Disappointing holiday shopping numbers and Citigroup's first-ever quarterly loss tore through the stock market Tuesday, sending shares of retail and banking stocks well lower while all 30 Dow components traded to the negative side.
The Dow Jones Industrial Average fell 277.04 points, or 2.17 percent, to close at 12,501.11, to its worst level since April.
The Standard & Poor's 500 Index ended down 35.30 points, or 2.49 percent, at 1,380.95. The Nasdaq Composite Index dropped 60.71 points, or 2.45 percent, to close at 2,417.59.
Citigroup announced a writedown of as much as $18.1 billion and potential layoffs of up to 24,000 due to exposure to bad subprime mortgages, while the government reported dismal December holiday sales in the retail sector.
The rout spread through the broader market, with only pockets of resistance, and there was fear that with more earning reports on tap through the week for the beleaguered financial sector that it could be a bloody week on Wall Street.
There was hope, though, that an impending interest rate cut from the Fed and investors' resistance to further bits of bad news would stave off a steeper fall for the market.
"The market has gotten to the point where it is oversold. It may sell off to the close today, but the pattern has been over the last few months that Monday and Tuesday usually are bad and it rallies through the rest of the week," said Michael D. Cohn, of Atlantis Asset Management.
Earnings reports loom for JP Morgan , Merrill Lynch, Wells Fargo and others in the sector with exposure to bad bets on subprime mortgages. But there was hope that the market was bracing for additional writedowns and would not sell off as earnings unfolded over the course of the week.
"That's not to say that there's not going to be some bad talk on the earnings front. It's expected at this point that earnings are going to be bad, and I think that's being priced into the market," Cohn said. "What you may find through the rest of the week is the market generally shrugs off that news."
Boeing, another Dow component, fell sharply after the Wall Street Journal reported that the company is close to announcing a further delay to its 787 Dreamliner.
But there was even more trouble for financials as US Bancorp , the sixth-largest U.S. bank, said fourth-quarter profit fell 21 percent, hurt by losses from loans and money market mutual funds, and a legal settlement.
And financial services company State Street reported lower fourth-quarter net income after it set aside millions for legal costs tied to mortgage securities losses. Shares were off more than 4 percent premarket. Bank of America also was down after the company announced it was laying off 650 employees and shedding its equity primer brokerage business.

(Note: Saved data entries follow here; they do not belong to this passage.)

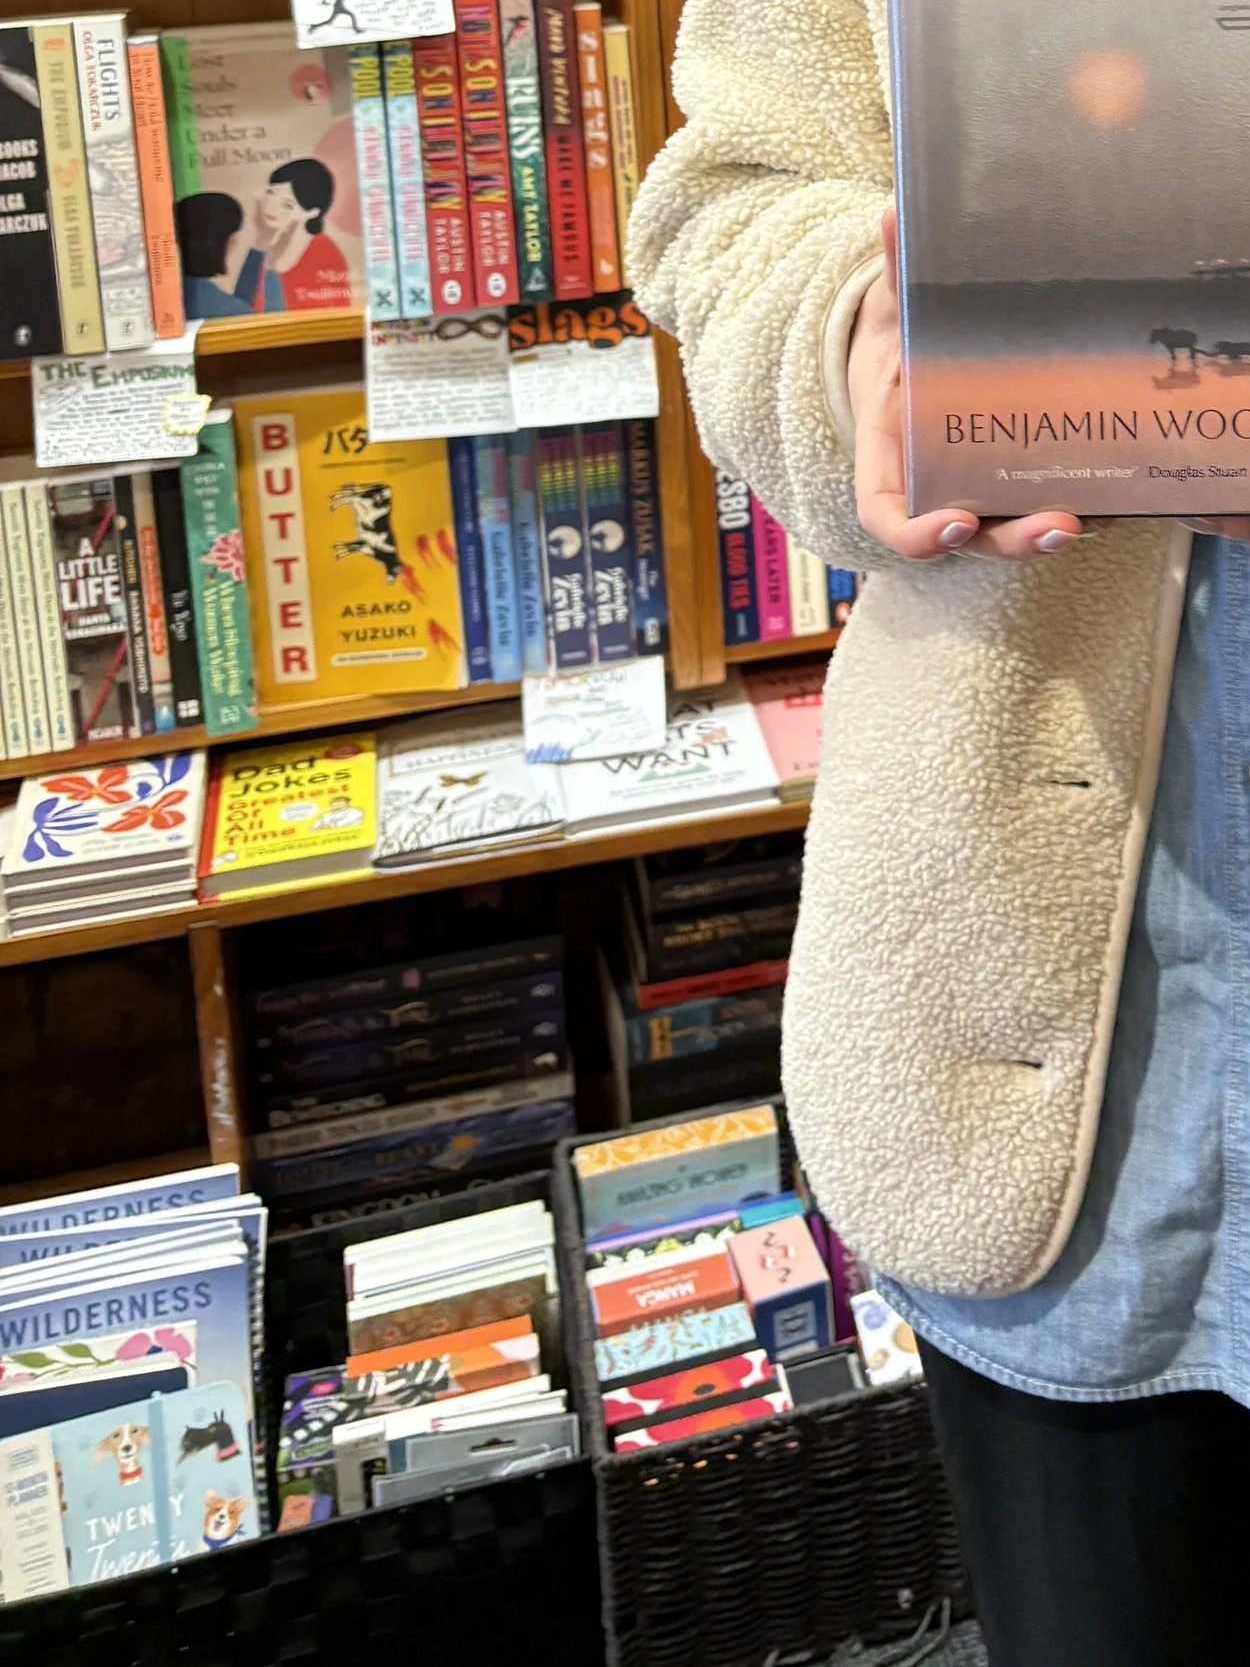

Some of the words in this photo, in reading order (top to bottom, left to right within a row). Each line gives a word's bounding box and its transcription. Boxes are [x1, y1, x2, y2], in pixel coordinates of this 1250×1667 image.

[98, 39, 120, 121] FLIGHTS
[524, 203, 541, 263] TAYLOR
[946, 410, 1138, 449] BENJAMIN
[1012, 466, 1090, 483] magnificent
[1149, 466, 1205, 482] Douglas
[1208, 465, 1247, 479] Stuart
[80, 537, 93, 557] A
[262, 423, 308, 674] BUTTER
[59, 555, 118, 581] LITTLE
[61, 576, 119, 612] LIFE
[341, 600, 411, 618] ASAKO
[341, 626, 416, 642] YUZUKI
[231, 756, 316, 782] Dad
[603, 740, 737, 773] WANT
[229, 768, 352, 799] Jokes
[228, 784, 349, 810] Greatest
[225, 819, 263, 834] All
[227, 807, 260, 823] Of
[223, 828, 296, 845] Time
[0, 1282, 213, 1349] WILDERNESS
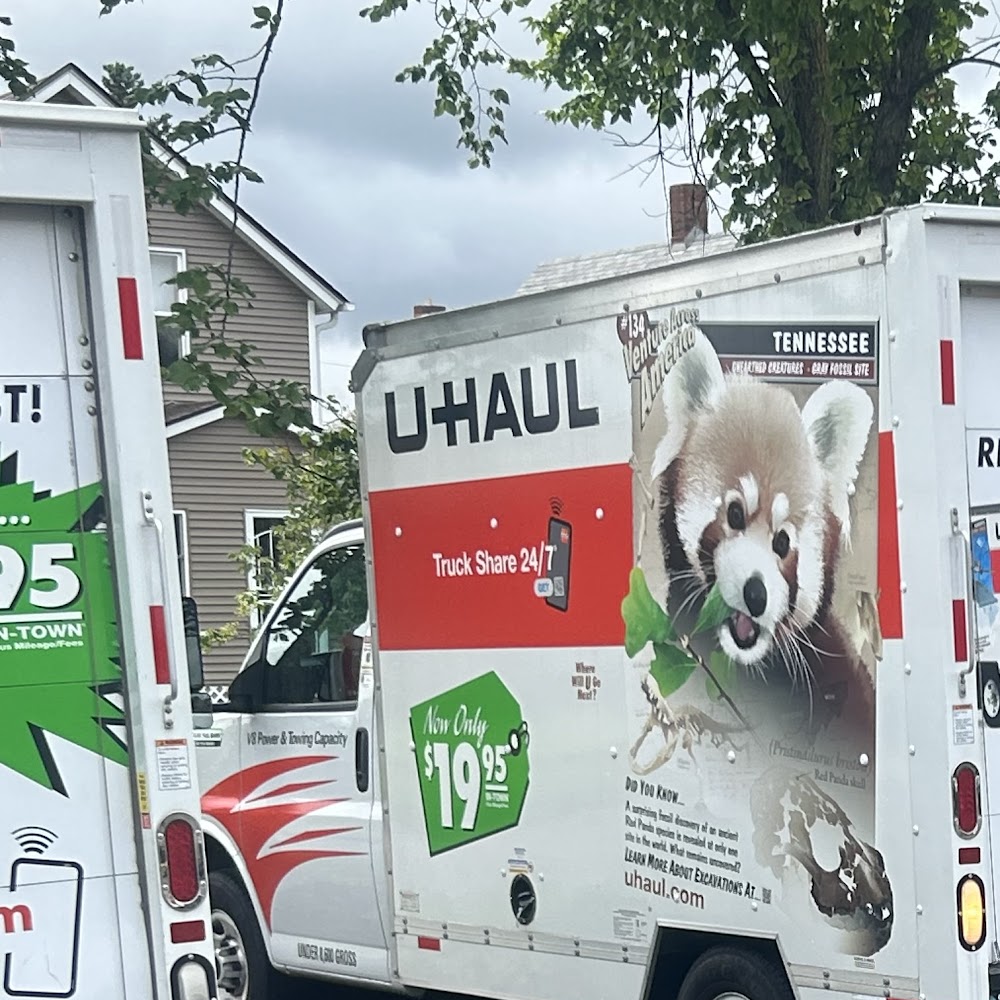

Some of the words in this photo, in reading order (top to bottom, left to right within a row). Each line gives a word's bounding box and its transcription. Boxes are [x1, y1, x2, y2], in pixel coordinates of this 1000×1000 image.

[772, 331, 870, 354] TENNESSEE
[385, 359, 600, 454] U-HAUL
[432, 551, 473, 577] Truck
[475, 548, 518, 575] Share
[520, 540, 554, 577] 24/7
[314, 730, 348, 748] Capacity
[423, 705, 450, 734] Now
[453, 704, 489, 748] Only
[624, 846, 647, 867] LEARN
[647, 852, 669, 873] MORE
[669, 860, 695, 882] ABOUT
[694, 867, 744, 897] EXCAVATIONS
[624, 869, 705, 910] uhaul.com

First American was one a rare winner in the sector, as its shares rose after it announced plans to spin off its title and specialty insurance business into a separate public company to be called First American Financial.
Tech leaders Apple and Dell were under pressure as well.
Weak Holiday Sales Hit Retail
Retail troubles came after a government report showed sales fell 0.4 percent in December and were less vigorous in November than previously thought. The numbers reflected the impact soaring energy prices and falling home values were having on consumers.
Williams-Sonoma shares tumbled after it cut its outlookwhile the retail numbers were emerging, and big-box giants Wal-Mart and Target moved to the downside as well. JC Penney, Ann Taylor and Saks all fell sharply as well.
Among the few groups doing well was air transportation, which saw gains on news that Delta Air Lines had begun merger talks with both Nortwest Airlines and United parent UAL.
The shaky news on the equities front boosted bond pricesand sent yields to their lowest in four years. There also was increased talk of the Federal Reserve cutting interest rates and possibly going beyond the expected half-point cut at the central bank's meeting later this month.
As recession fears intensified oil continued its retreat off the $100 mark, falling below $92 and taking energy stocks lower as well. The retail sales numbers also hammered the dollar, which fell to its lowest level against the yen since 2005.
The economic slowdown also weighed on home builders, with shares dropping sharply at Toll Brothers, Hovnanian, Lennar and others.
-- Reuters contributed to this report.